Increasing or Decreasing?

The Christian Life according to John the Baptist

 

Originally published in Pulpit Helps, November 2007.

So much ink has been spilt through the years on leading a Christian life that one would think we should have figured it out by now. Perhaps part of the reason we haven’t (and no one would say that we have) is tied to the proliferation of people telling us how. Maybe, just maybe, the Christian life is much simpler than we want to make it. A tremendous example of how we ought to live in relation to our Lord and to the world around us is found in the person of John the Baptist.

As much reverence as most believers have for John (whom Jesus described as the greatest of men in Luke 7:28), I’ve not heard many claim him as a hero or role model. Something about this rough-and-tumble guy, who lived in the desert with little thought to his appearance and sustenance, preached one message over and over, was hated by the leaders of the day, and made every effort to take no credit for his work, just doesn’t sit well with our ideas of “success” or the “victorious Christian life.” Behind John’s quirky behavior and simple message, however, is an attitude that every Christian should strive to imitate to the fullest—an intimate connection with the Father and an unwavering focus on His will.

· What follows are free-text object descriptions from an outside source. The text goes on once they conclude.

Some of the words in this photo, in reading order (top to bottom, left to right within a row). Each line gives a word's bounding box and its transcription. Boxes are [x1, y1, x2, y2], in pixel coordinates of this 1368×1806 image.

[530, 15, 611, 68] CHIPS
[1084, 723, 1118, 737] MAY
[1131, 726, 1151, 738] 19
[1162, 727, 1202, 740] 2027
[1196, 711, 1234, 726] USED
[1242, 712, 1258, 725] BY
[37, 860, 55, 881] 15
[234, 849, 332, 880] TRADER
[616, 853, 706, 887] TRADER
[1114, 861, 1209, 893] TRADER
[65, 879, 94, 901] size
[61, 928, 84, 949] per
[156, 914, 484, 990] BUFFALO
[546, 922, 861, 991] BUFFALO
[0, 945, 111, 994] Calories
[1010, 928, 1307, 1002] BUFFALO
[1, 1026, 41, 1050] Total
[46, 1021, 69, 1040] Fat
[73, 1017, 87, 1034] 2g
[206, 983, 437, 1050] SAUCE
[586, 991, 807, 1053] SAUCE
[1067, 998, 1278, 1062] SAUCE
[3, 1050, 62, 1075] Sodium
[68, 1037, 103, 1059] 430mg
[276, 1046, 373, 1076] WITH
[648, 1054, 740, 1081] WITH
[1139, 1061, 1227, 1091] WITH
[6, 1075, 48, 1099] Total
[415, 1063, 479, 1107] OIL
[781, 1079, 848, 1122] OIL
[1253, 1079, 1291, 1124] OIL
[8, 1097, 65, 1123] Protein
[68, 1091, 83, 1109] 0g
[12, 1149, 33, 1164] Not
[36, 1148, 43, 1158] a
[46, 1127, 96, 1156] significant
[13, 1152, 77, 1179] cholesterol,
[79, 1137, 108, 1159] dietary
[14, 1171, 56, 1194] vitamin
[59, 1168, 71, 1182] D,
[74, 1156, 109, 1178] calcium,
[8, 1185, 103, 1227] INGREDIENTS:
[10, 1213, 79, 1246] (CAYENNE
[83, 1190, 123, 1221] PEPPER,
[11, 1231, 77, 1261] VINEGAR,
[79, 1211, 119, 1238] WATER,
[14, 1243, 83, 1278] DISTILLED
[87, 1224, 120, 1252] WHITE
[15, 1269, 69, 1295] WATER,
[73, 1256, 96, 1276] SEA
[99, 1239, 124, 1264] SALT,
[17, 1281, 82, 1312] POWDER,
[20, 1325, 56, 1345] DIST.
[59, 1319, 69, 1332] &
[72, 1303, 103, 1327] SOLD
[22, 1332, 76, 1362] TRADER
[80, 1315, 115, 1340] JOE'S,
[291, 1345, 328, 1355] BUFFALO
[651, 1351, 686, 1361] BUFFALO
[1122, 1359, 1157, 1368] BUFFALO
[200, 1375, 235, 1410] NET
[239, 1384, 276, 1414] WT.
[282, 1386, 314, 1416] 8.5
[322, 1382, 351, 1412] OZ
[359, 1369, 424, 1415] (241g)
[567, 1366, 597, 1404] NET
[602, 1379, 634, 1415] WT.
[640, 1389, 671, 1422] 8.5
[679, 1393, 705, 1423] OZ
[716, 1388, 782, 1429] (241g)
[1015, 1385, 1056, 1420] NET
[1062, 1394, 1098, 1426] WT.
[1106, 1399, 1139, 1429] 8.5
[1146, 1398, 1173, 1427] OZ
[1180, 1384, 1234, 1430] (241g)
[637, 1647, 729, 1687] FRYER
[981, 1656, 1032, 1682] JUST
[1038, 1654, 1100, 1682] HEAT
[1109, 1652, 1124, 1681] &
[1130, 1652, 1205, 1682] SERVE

John’s commitment to God’s objective truth gave him the will to live the message God had called him to, rather than to pander to what those around him wanted to hear. John’s character is revealed in John 1:19-27 in an exchange between himself and some priests and Levites sent by the Pharisees. Perceiving their motive, John responds to their question, “Who are you?” by saying “I am not the Christ.

When they press further, demanding to know if he is Elijah or the foretold prophet (of Deut. 18:15), he responds progressively shorter denials. John was obviously not eager to talk about himself. Finally forced to describe himself in verse 23, he does so by quoting the words of Isaiah, “I am a voice of one crying in the wilderness, ‘Make straight the Way of the Lord.’” John then proceeds to turn the conversation back to his message in verses 26-27: “I baptize in water, but among you stands One whom you do not know. It is He who comes after me, the thong of whose sandal I am not worthy to untie.” From this brief passage we can infer volumes about how we as Christians are to live:

First, our priority should always be to do the Lord’s bidding. John knew how to conduct himself because he had spent his life growing in spirit (Luke 1:80), presumably through prayer and studying the Scriptures. If God’s word and will are firmly planted in our hearts, they will be quick to come to us as we go forth into the world.

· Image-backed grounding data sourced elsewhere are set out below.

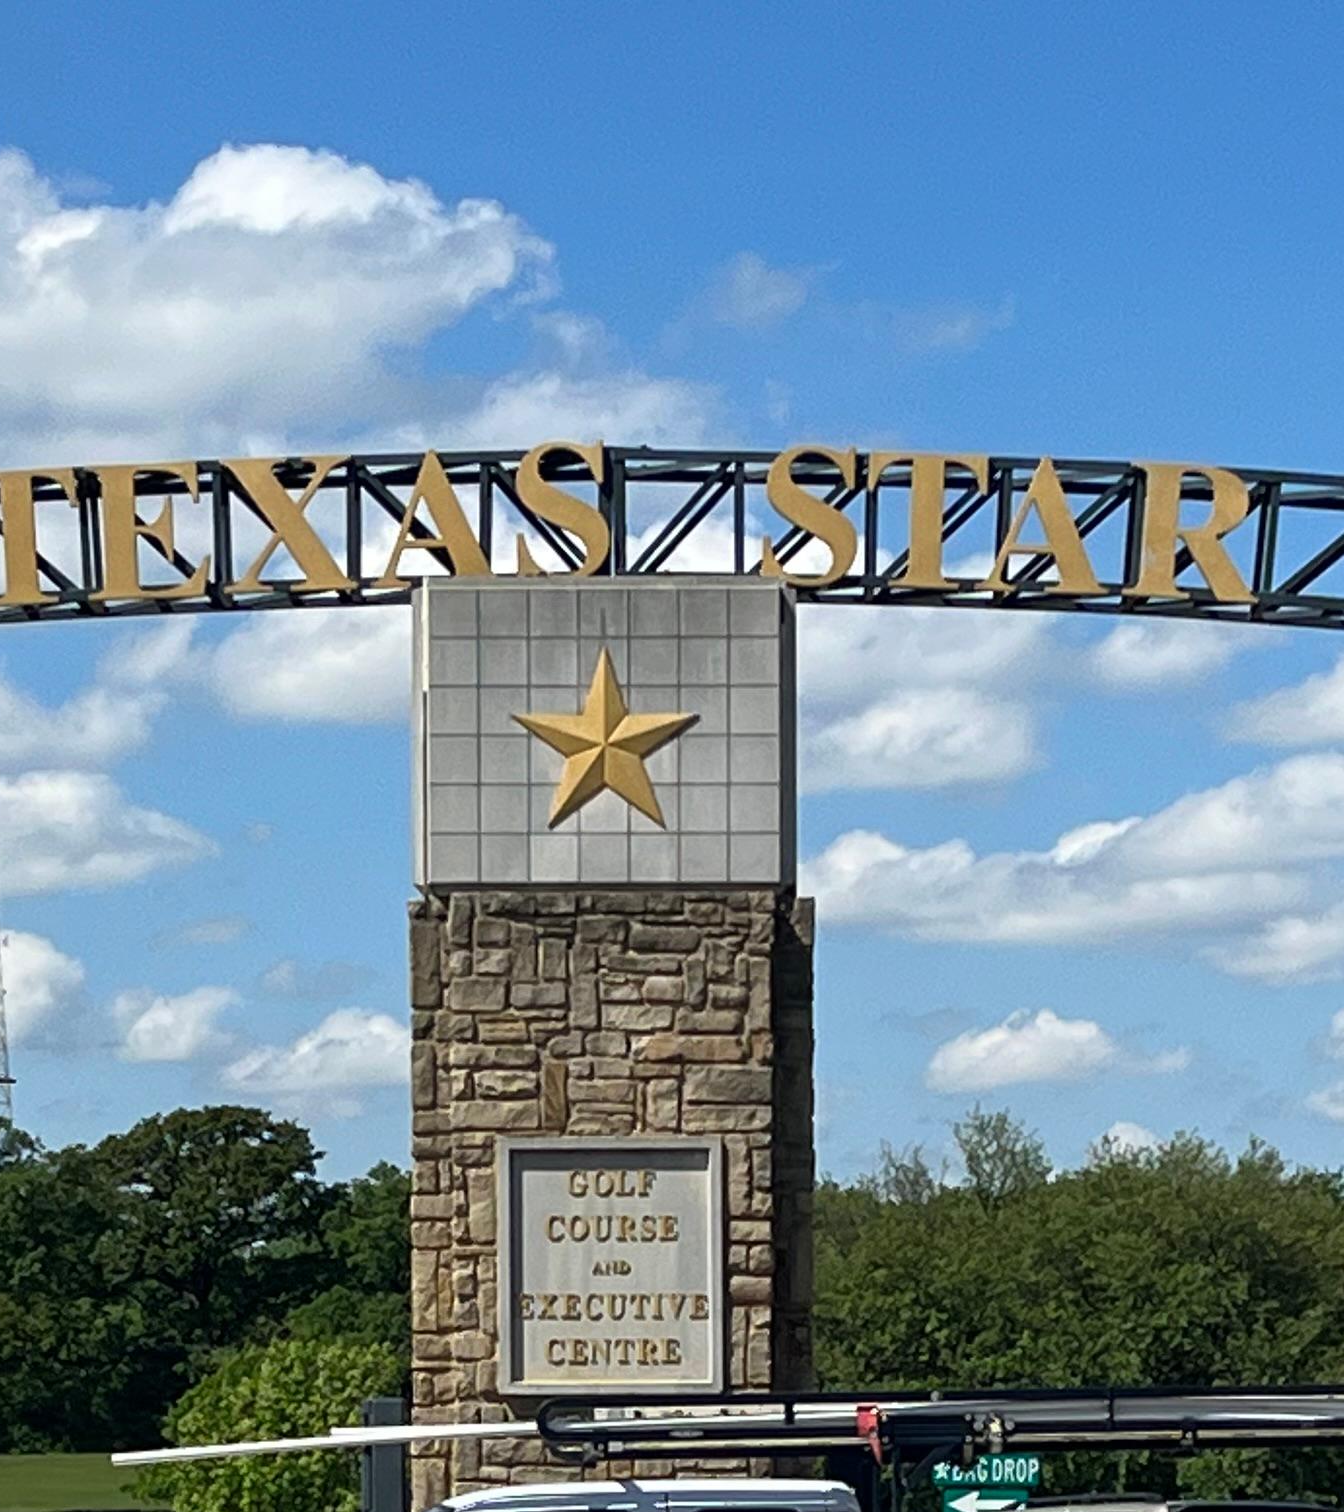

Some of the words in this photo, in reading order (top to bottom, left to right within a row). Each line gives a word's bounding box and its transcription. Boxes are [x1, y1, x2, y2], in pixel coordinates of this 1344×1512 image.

[762, 446, 1258, 605] STAR
[567, 1169, 658, 1198] GOLF
[546, 1215, 680, 1243] COURSE
[591, 1260, 633, 1276] AND
[519, 1292, 710, 1321] EXECUTIVE
[544, 1337, 683, 1366] CENTRE
[992, 1458, 1039, 1482] DROP

Second, we should not seek to build ourselves up or take credit for the ways God works through us. John was clear in showing that all glory is for God, describing himself as “a voice.” He knew full well that he was but a conduit for the word of the Lord. What a message for Christians of today! How many pastors have not, at some point, wished that they could be the leader of a megachurch or have a far-reaching media following? Perhaps now more than ever we need to be on guard against the temptation to make ourselves great (or even to simply “get the just reward for our hard work”) under the guise of spreading the Gospel.

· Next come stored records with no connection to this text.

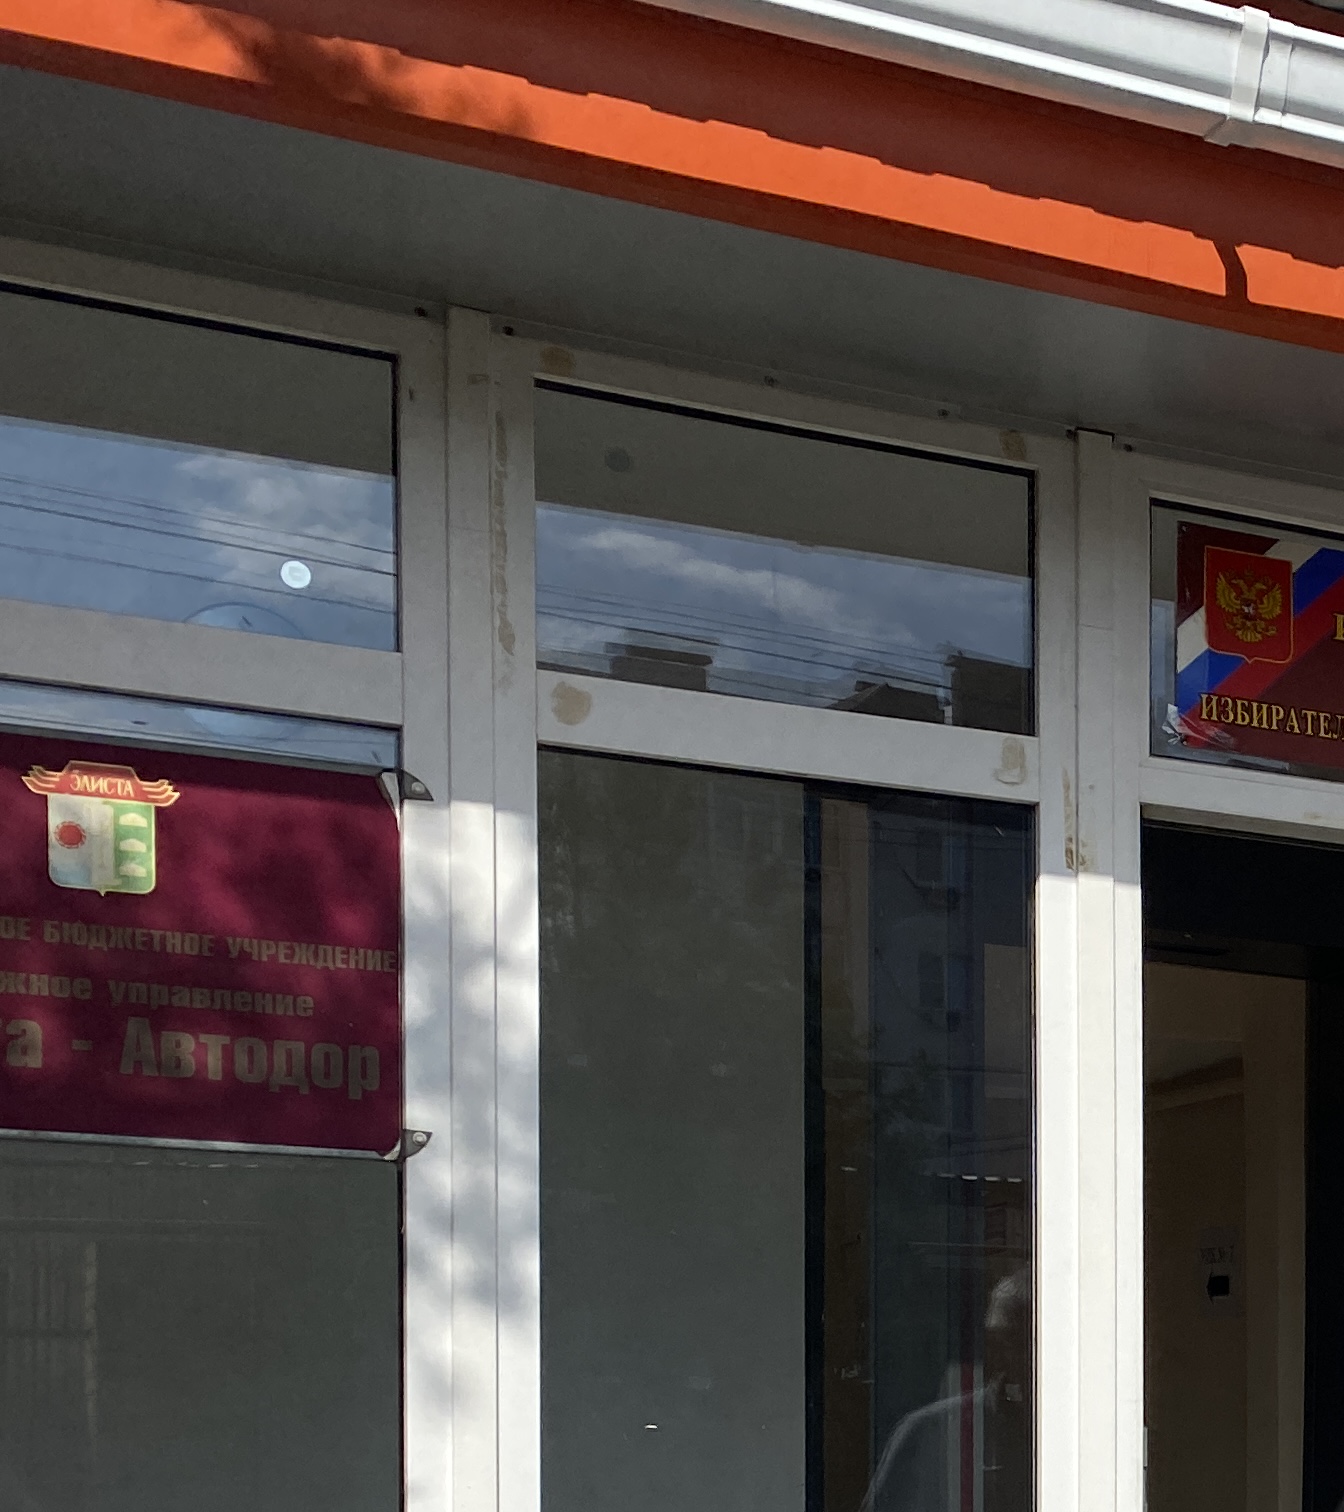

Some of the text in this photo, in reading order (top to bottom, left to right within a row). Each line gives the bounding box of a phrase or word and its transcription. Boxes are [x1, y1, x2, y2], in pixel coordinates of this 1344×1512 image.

[70, 774, 134, 797] ЭЛИСТА
[42, 919, 215, 956] БЮДЖЕТНОЕ
[226, 936, 396, 973] УЧРЕЖДЕНИЕ
[108, 979, 314, 1017] управление
[120, 1016, 380, 1100] Автодор

John’s concern was never for his reputation (or even his safety) but always for God’s purpose. We would do well to ask ourselves often “Am I preparing the way of the Lord? Am I doing this in order to be recognized or in order that the Lord will shine through?” This has tremendous implications for how we choose to engage the world.

In the culture wars, are we focused on being seen taking a stand (or even on winning arguments) instead of taking care to follow Christ’s lead and endeavoring to let Him shine through, whatever the outcome? When we respond to criticism, do we listen and turn the other cheek so that the love of Christ can confound our accuser or do we seek to defend our position in anger? When we practice evangelism, are we attempting to better our standing among believers by winning souls or do we approach the lost with a genuine compassion for their state and fervor for their salvation, as Christ did, acknowledging that we are only tools to help Him work in their hearts?

The third lesson ties into the first two: we should live life with an awareness of the fact that the work of Christ is far bigger than we or any of our institutions are. John is remembered for saying in John 3:30, “He must increase, but I must decrease.” This submission to God’s plan is surely what Paul had in mind when he called us to be “living sacrifices” in Romans 12:1. Such an attitude of commitment to God, acknowledgement of His sovereignty, and willingness to be used in whatever way He sees fit is all that He requires of us. God is not interested in what we know, what we’ve accomplished, or what others think of us. He only wants us to bow before Him, ready to be used. The truly complete Christian life fades into the glow of His glory.

Virtually every decision we make can be boiled down to either an opportunity to build ourselves up or to follow God’s lead. In every situation we can choose to increase or decrease, to take the glory or to fade into the shadows so that God’s name is made great. As you go about your ministry, which will you choose?

Justin Lonas is editor of Disciple Magazine for AMG International in Chattanooga, Tennessee.